Travellers

Diagnosing malaria in travellers

Airport check inThe majority of medical professionals in non-endemic countries are inexperienced in malaria diagnosis and treatment because they rarely encounter the disease. Diagnosis of malaria in patients from non-endemic countries must not rely on the clinical presentation alone; it should start with a travel history, and care should be taken to rule out influenza, the most common misdiagnosis. The same applies to other disorders suggested by symptoms commonly associated with malaria fever, such as diarrhoea, vomiting, anorexia, cough, and abdominal pain. See Making sense of the febrile traveller: a differential diagnosis guide. Also, malaria may not be considered because it shares signs and symptoms with other tropical illnesses (including typhoid fever), rheumatic fever, and bacterial meningitis.

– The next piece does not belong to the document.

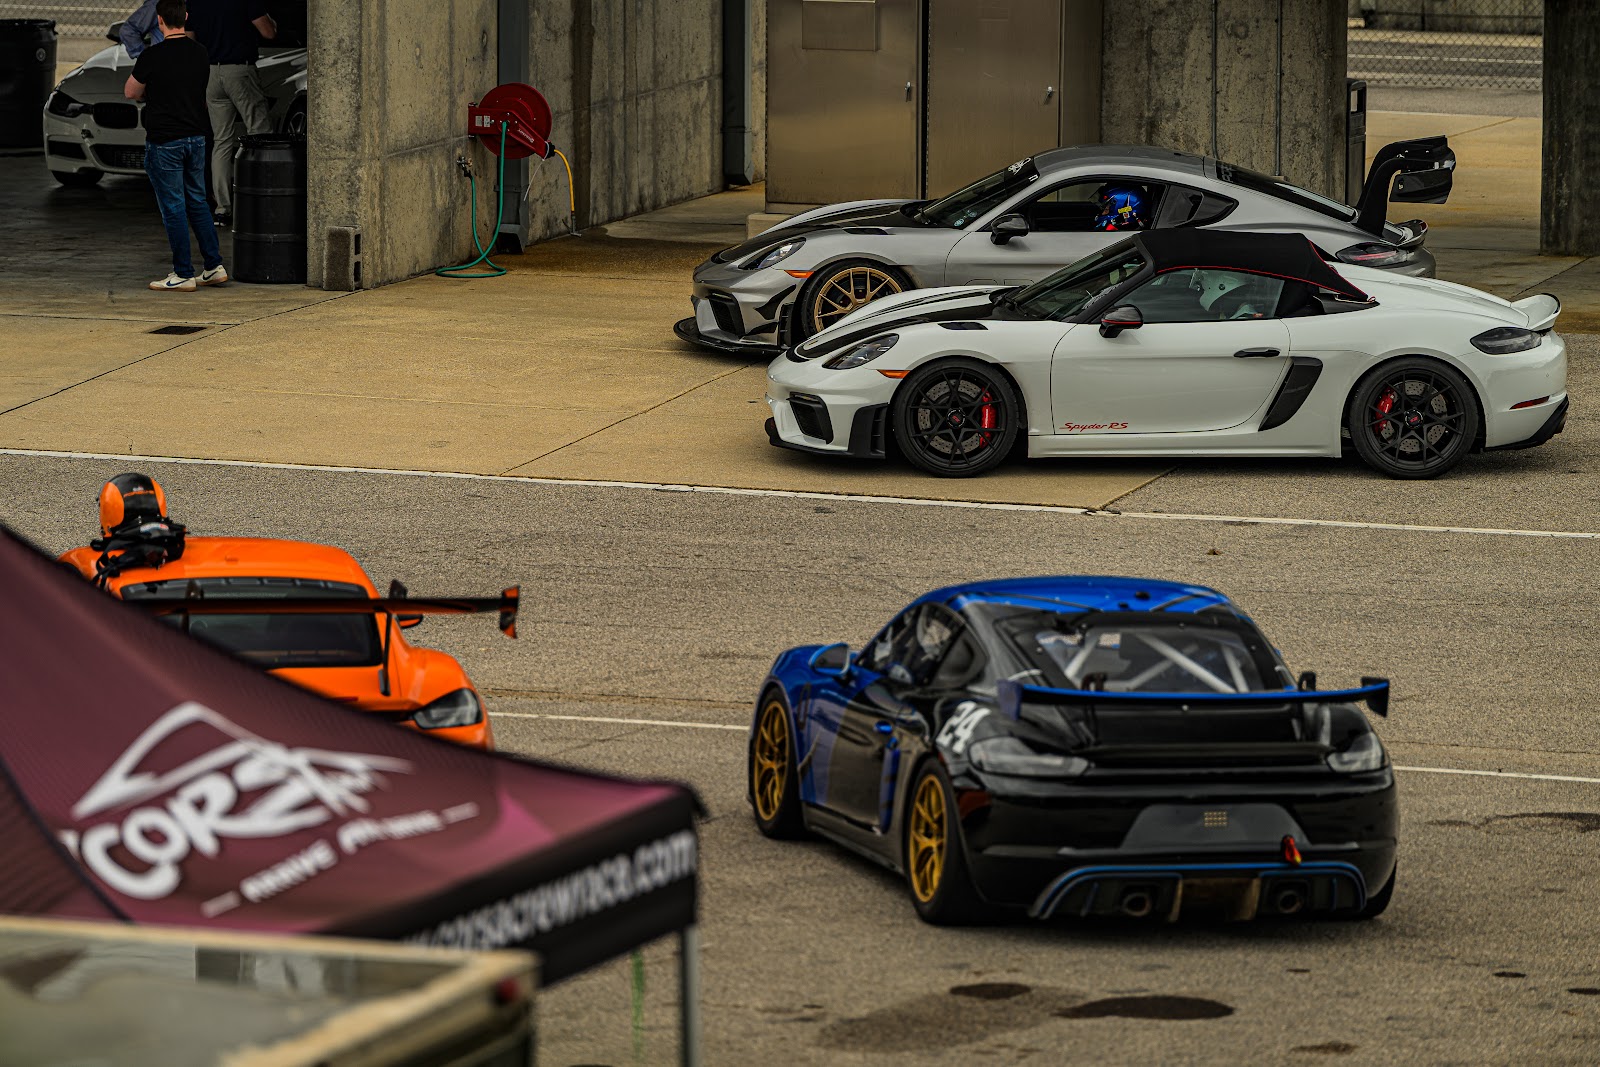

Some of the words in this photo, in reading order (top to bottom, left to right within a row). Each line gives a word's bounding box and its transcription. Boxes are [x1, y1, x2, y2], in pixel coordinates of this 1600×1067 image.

[1059, 422, 1107, 432] Spyder
[1108, 422, 1129, 430] RS
[935, 700, 992, 754] 24

It is therefore important to suspect malaria and seek a laboratory diagnosis in all febrile patients who have left a malarious area within 3 months (or even up to a year). This includes travellers who took malaria chemoprophylaxis medication while visiting endemic areas, or air crew or travellers briefly exposed at airports in malaria endemic zones.

Early diagnosis and treatment is lifesaving; falciparum malaria can kill if treatment is not started early in the infection especially in vulnerable children and pregnant women. If the diagnosis of malaria is suspected, treat first, then arrange for definitive diagnosis.